Les deux étudiantes se découvrent aussi de nombreux points communs. Grandes lectrices et sériephiles, elles sont issues de la génération Twin Peaks, X-Files, Buffy, Urgences, Les Simpson, Daria… Ont dévoré les créations de David E. Kelley, Donald P. Bellissario et bien d’autres. Elles adorent les univers globaux qui immergent totalement le lecteur. Ensemble, elles parlent narration et décortiquent les rouages scénaristiques. « Mais à cette époque, on ne s’autorise pas du tout à penser qu’on pourrait être scénaristes. C’est plus un sujet de conversation », avoue Johanna.

Scénaristes ? T’es sérieuse !

Après Grenoble, Johanna s’installe à Los Angeles, « la ville où tout le monde est comédien et le reste scénariste ! », et suit des cours de scénario à UCLA. Ce qu’elle aime dans le journalisme, trouver un sujet, choisir un angle pour le traiter, elle le retrouve dans le scénario. Il s’agit là d’incarner un message, de le mettre en scène, mais avec la possibilité de pouvoir prendre des libertés avec la réalité, « tu n’as pas la responsabilité de trahir ou non la parole que quelqu’un t’a confiée ». À son retour à Paris, Johanna intègre le master Cinéma, Télévision et Nouveaux Médias de la Sorbonne et enchaîne directement chez TF1 à la programmation.

De son côté, Laure-Elisabeth s’inscrit au master Littérature pour la jeunesse à l’Université du Maine au Mans pour étudier la littérature pour les enfants et les adolescents. « Une autre de mes marottes ! » indique-t-elle. Et elle commence à travailler comme pigiste sur ses territoires de prédilection : info à France 3 Côte d’Azur, culture chez Bayard, pour les magazines J’aime Lire, J’aime Lire Max, Je Bouquine, Okapi et Muze, consacré à la culture au féminin. Elle fait également des remplacements pour des magazines féminins où elle traite de la culture et du high-tech (Maxi, Marie France…).

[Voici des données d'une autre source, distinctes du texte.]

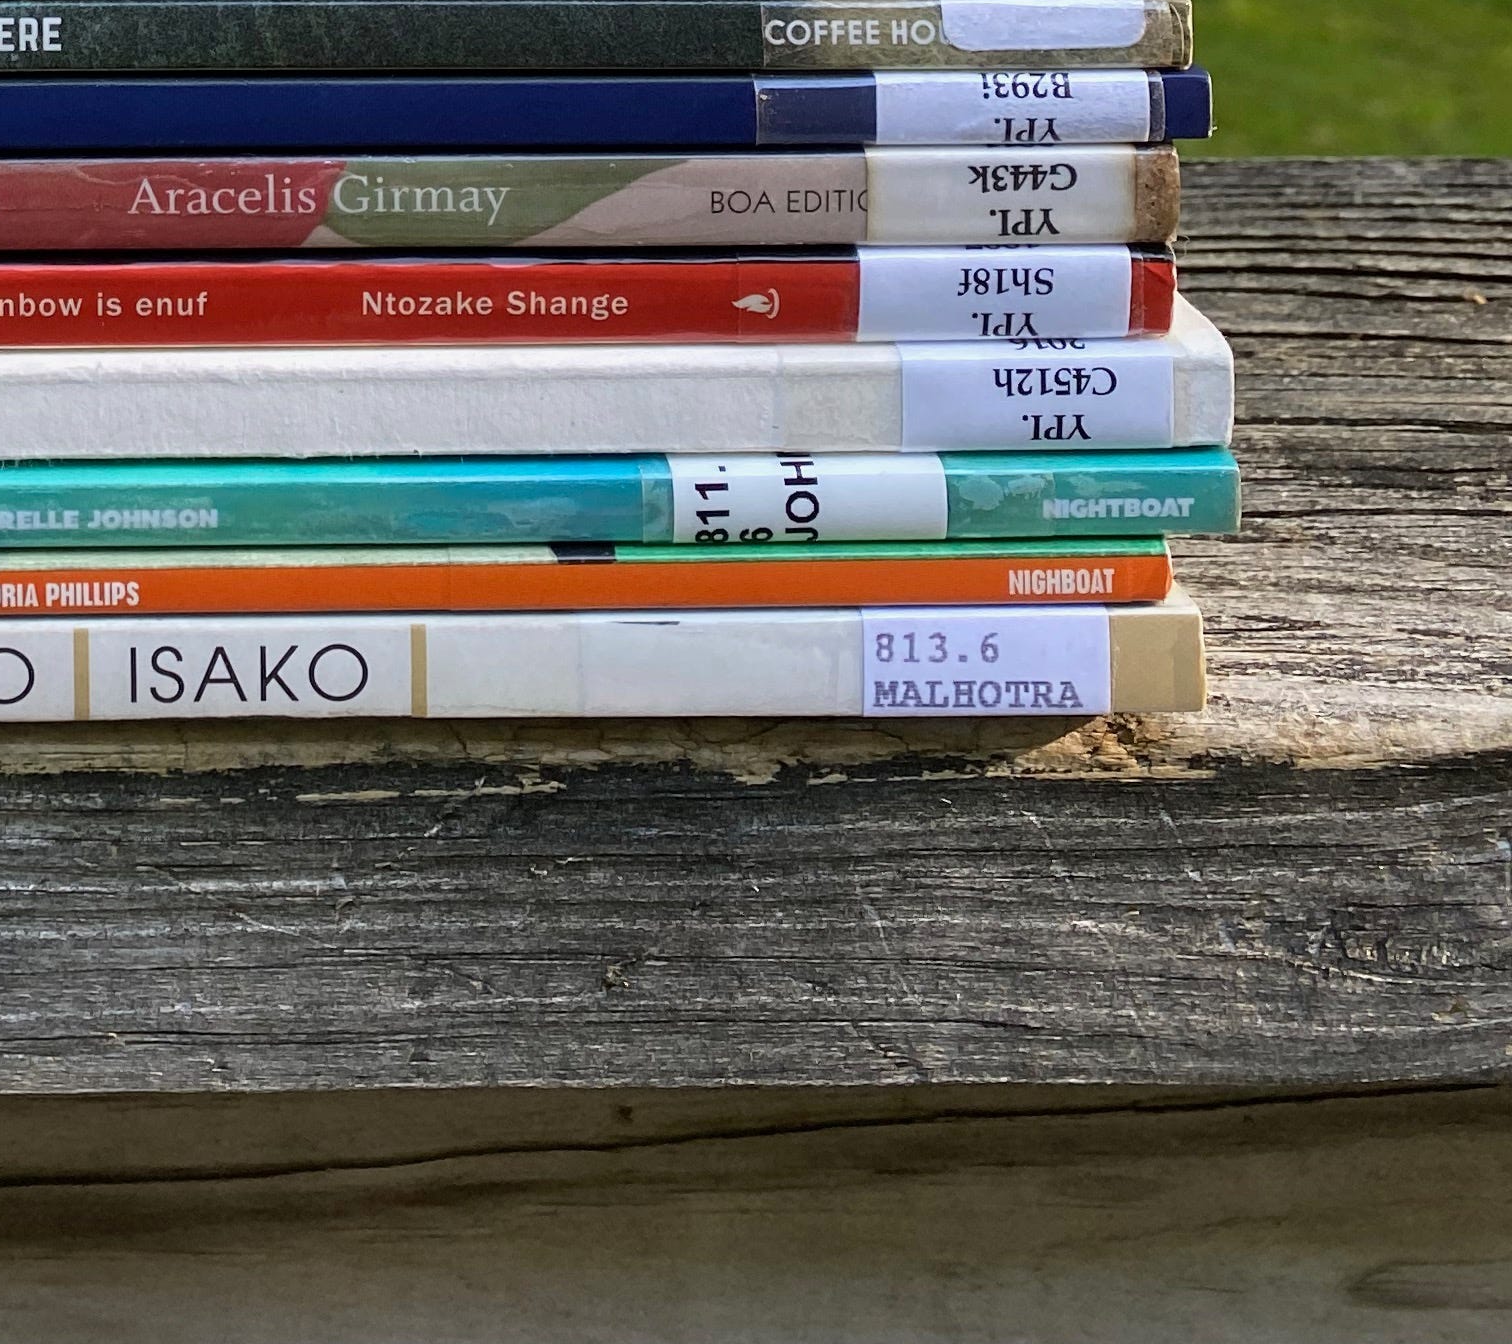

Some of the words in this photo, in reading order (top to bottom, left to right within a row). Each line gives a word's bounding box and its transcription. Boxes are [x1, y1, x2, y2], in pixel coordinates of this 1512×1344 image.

[764, 20, 880, 45] COFFEE
[968, 164, 1077, 193] G443k
[128, 175, 316, 219] Aracelis
[334, 172, 511, 226] Girmay
[711, 191, 775, 213] BOA
[957, 268, 1054, 296] Sh18f
[96, 291, 122, 317] is
[135, 291, 207, 317] enuf
[362, 291, 498, 316] Ntozake
[506, 291, 629, 320] Shange
[994, 367, 1117, 396] C4512h
[88, 509, 217, 529] JOHNSON
[1043, 498, 1193, 519] NIGHTBOAT
[46, 581, 139, 606] PHILLIPS
[1008, 568, 1114, 594] NIGHBOAT
[875, 633, 998, 663] 813.6
[130, 643, 369, 703] ISAKO
[873, 681, 1082, 709] MALHOTRA

À TF1, Johanna visionne des quantités de programmes, apprend à en détecter le potentiel, à déterminer la cible… Elle voit du bon et du moins bon, et convainc Laure-Elisabeth de mettre quelques-unes de leurs envies de scénarios par écrit ! « Pauvres petites innocentes », rigole Johanna a posteriori. Car si elles ont des idées, elles ne savent pas à qui les présenter ! « On sait que ça va être un marathon, il faut à la fois acquérir la connaissance du milieu et la technicité du métier, mais l’envie est bien là » ajoute Laure-Elisabeth. Tout en continuant à travailler, les deux jeunes femmes vont développer des projets personnels en fiction.

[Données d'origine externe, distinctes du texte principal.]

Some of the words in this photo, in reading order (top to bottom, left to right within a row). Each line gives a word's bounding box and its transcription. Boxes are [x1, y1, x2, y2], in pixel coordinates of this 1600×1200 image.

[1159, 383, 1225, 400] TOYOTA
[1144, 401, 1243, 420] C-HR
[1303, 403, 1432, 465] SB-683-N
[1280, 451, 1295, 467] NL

Embarquée de nouveau chez TF1 pour un remplacement « congé maternité », Johanna travaille cette fois aux achats. C’est à cette période que son profil est repéré par l’équipe TFou. En 2010, TFou la recommande à Studio 100 qui développe la série « Maya l’abeille » pour TF1 donc et la ZDF. Johanna, qui parle couramment l’allemand, rejoint Studio 100 et découvre l’animation. Après deux ans à la coordination d’écriture, elle propose avec Laure-Elisabeth plusieurs pitchs pour « Maya l’abeille », qui sont acceptés ! En parallèle, Johanna est embauchée par Telfrance pour une direction littéraire en fiction.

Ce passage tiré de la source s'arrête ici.